「よお、八九寺」
「ああ、兎吊木さんですか」
「僕は<<害悪細菌>>じゃないし、<<死線の青>>と知り合いでもない!
硬い言葉で難しい話を一方的に十ページ以上も喋ったこともないぞ!」
「あれはすごかったですね。すごく楽しみにしていて、家で読もうと本を開いたら一瞬で読む気を奪われました。ある種の怪異です。
まあそれは置いておいて、良く考えてみてください。阿良々木さんに関わった女性は皆さん阿良々木さんに好意を持っています。
行為をもっている方もいらっしゃるでしょう? それも可愛い女性ばかりです。
これは他の男性からしたら害悪でしかありませんし、細菌のようにフラグが繁殖していってます。
まさに<<害悪細菌>>ではないでしょうか」
「何のこと言ってんだ? 僕が害悪なわけないだろ?」
「無自覚ですか? それはなおのこと性質が悪いですね。
一話話が進むたびに一人の女性を惚れさせるていますし、実の妹にまで手を出しているのに無自覚ですか」
「ん〜〜、ああ、そうか。今日は抱き締めて、胸揉んで、頬ずりして、キスして、パンツを脱がせようとしなかったから物足りなかったんだな。

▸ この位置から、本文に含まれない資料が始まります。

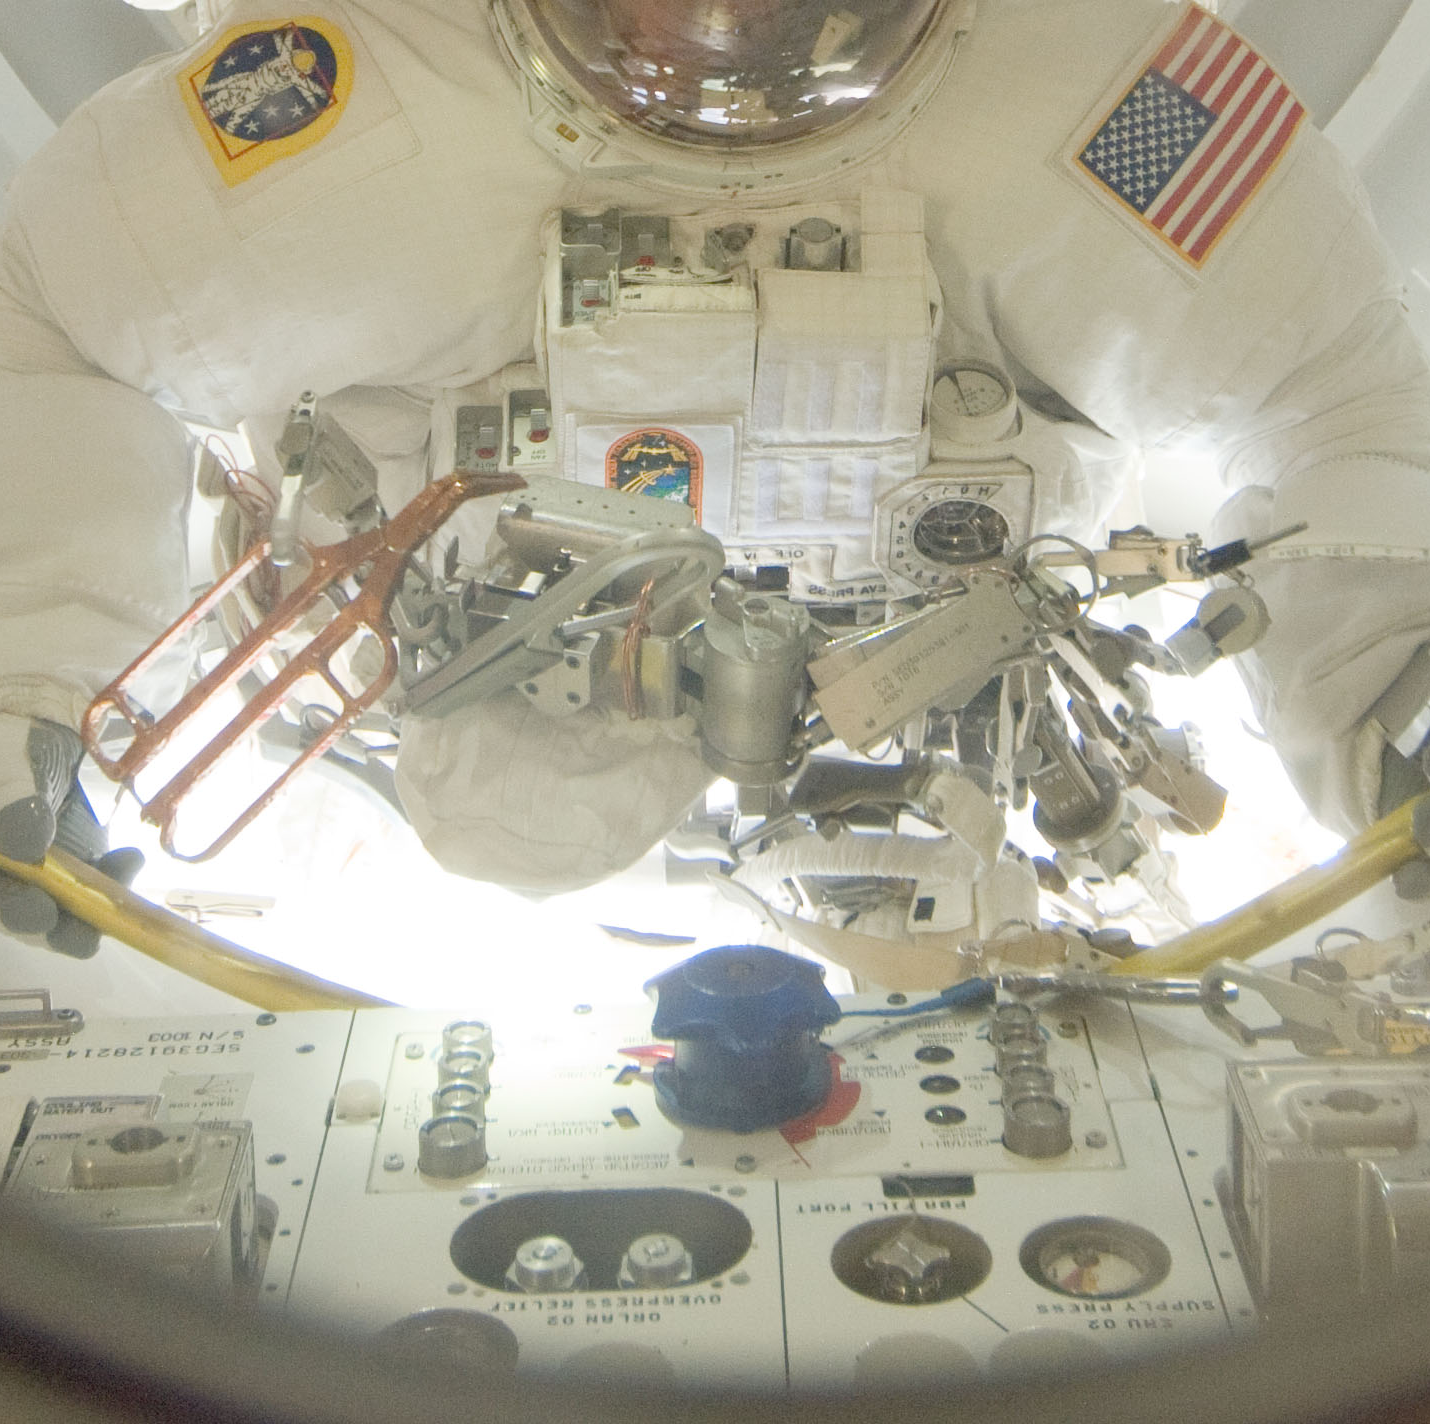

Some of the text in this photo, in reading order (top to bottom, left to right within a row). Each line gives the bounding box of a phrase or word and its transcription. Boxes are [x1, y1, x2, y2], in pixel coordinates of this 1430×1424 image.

[148, 1030, 245, 1044] S/N 1003
[796, 1202, 851, 1216] PORT
[487, 1293, 722, 1313] OVERPRESS RELIEF
[1034, 1300, 1216, 1315] SUPPLY PRESS
[585, 1311, 662, 1325] ORLAN

『一人の女性を惚れさせる』っていうのはお前のことで、一話進むごとにお前が僕のことを好きになっていったってことか。
素直に僕のことが大好きだって言えばいいものを。
いじらしいヤツだな、八九寺は」
「勘違いしないでください! 私はそんなことを言っていません!」
「お前がツンデレになっていたとは気が付かなかった。デレた戦場ヶ原の代わりをやってくれるのか?

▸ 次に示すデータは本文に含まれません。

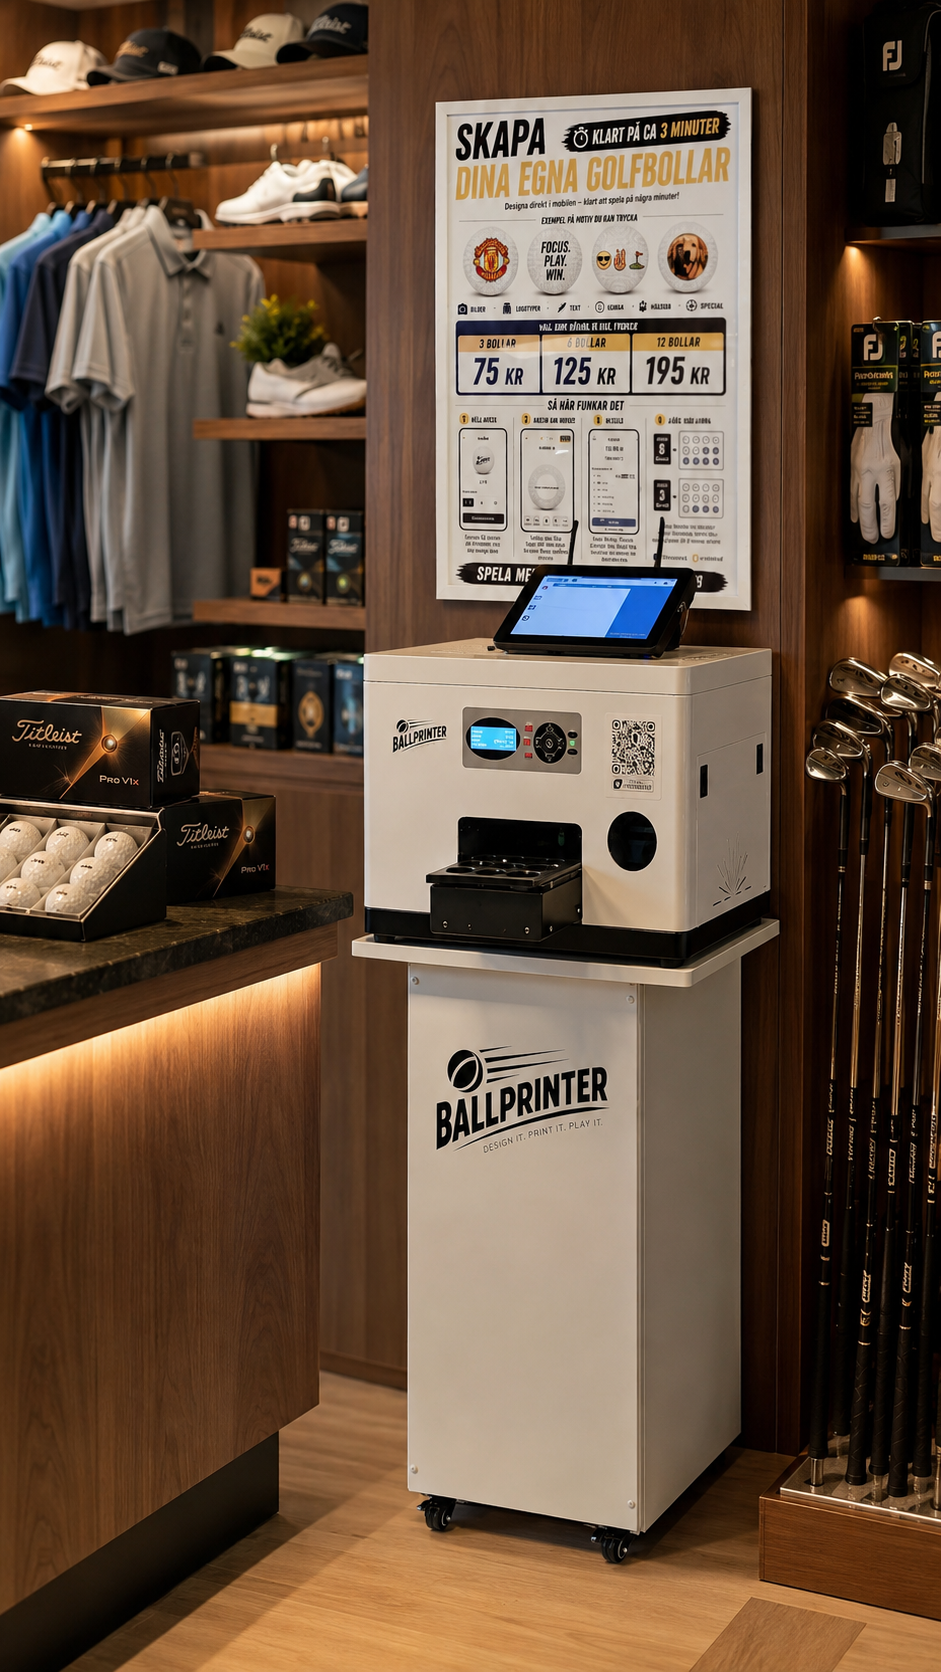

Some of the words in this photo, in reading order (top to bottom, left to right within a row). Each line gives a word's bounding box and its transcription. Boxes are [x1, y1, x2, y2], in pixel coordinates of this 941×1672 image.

[883, 40, 902, 71] FJ
[455, 118, 545, 161] SKAPA
[592, 127, 625, 145] KLART
[627, 121, 640, 142] PÅ
[643, 123, 657, 140] CA
[660, 122, 668, 138] 3
[670, 117, 720, 138] MINUTER
[455, 163, 510, 200] DINA
[518, 158, 578, 196] EGNA
[586, 147, 731, 192] GOLFBOLLAR
[504, 202, 529, 212] Designa
[529, 200, 548, 209] direkt
[583, 197, 597, 205] klart
[625, 194, 634, 204] på
[541, 241, 571, 254] FOCUS.
[544, 254, 567, 267] PLAY.
[546, 268, 565, 281] WIN.
[479, 339, 485, 349] 3
[486, 338, 516, 349] BOLLAR
[567, 337, 572, 348] 6
[575, 337, 606, 348] BOLLAR
[657, 337, 665, 347] 12
[668, 337, 701, 347] BOLLAR
[863, 334, 883, 360] FJ
[473, 357, 500, 385] 75
[505, 367, 524, 386] KR
[554, 356, 592, 385] 125
[597, 367, 616, 385] KR
[646, 356, 686, 385] 195
[690, 366, 710, 385] KR
[547, 398, 558, 411] SÅ
[577, 400, 608, 411] FUNKAR
[609, 400, 625, 411] DET
[476, 566, 511, 582] SPELA
[515, 568, 535, 582] ME
[12, 719, 82, 744] Titleist
[392, 725, 447, 753] BALLPRINTER
[176, 822, 230, 847] Titleist
[436, 1066, 608, 1150] BALLPRINTER
[482, 1137, 514, 1153] DESIGN
[515, 1133, 526, 1143] IT.
[528, 1126, 553, 1139] PRINT
[555, 1123, 567, 1132] IT.
[568, 1120, 590, 1130] PLAY
[593, 1118, 603, 1126] IT.

そんな冒険するヤツだとは思わなかったな。劇薬入りの毒舌だからな。
あいつのマネをするのはかなり難しいと思うけど頑張れよ。
それと初めの返しはこう言ってほしかったんだよな?
『きみは阿良々木暦のことが本当は嫌いなんじゃないのかな?』って」
「私はツンデレじゃありませんし、戦場ヶ原さんのマネなんてしません! それにその台詞はまるパクリじゃないですか!」
「まあ、あんまり気にするな。『兎吊木』なんて言ったんだから、ちゃんと責任とって『大好きだ!』って叫んで僕を抱き締めてベロチューしなきゃこの話は終われない」
「その展開は全く違います! なんでエロいエロを入れるんですか! せめて健全なエロにしてください!
「健全だったらエロいことしてくれるんだな?」
「そんなわけありません!
そういえば『大好きだ!』なんて台詞、いーちゃんさんは言いましたっけ?」
「あんまり覚えていないな。お前なりに解釈した性格でもいいぞ。他の誰が認めなくても僕が認めてやるから」
「……わかりました。では言ってみましょうか。『私は阿良々木さんのことが大好きです。嘘だけど』」
「『嘘だけど』ってなんだよ!!」
「あ、間違えました。『戯言だけど』ですかね。
ですがこんな台詞ありましたっけ? 自分で言っておいてなんですけど、『好きだ』みたいな台詞もあったかどうか……。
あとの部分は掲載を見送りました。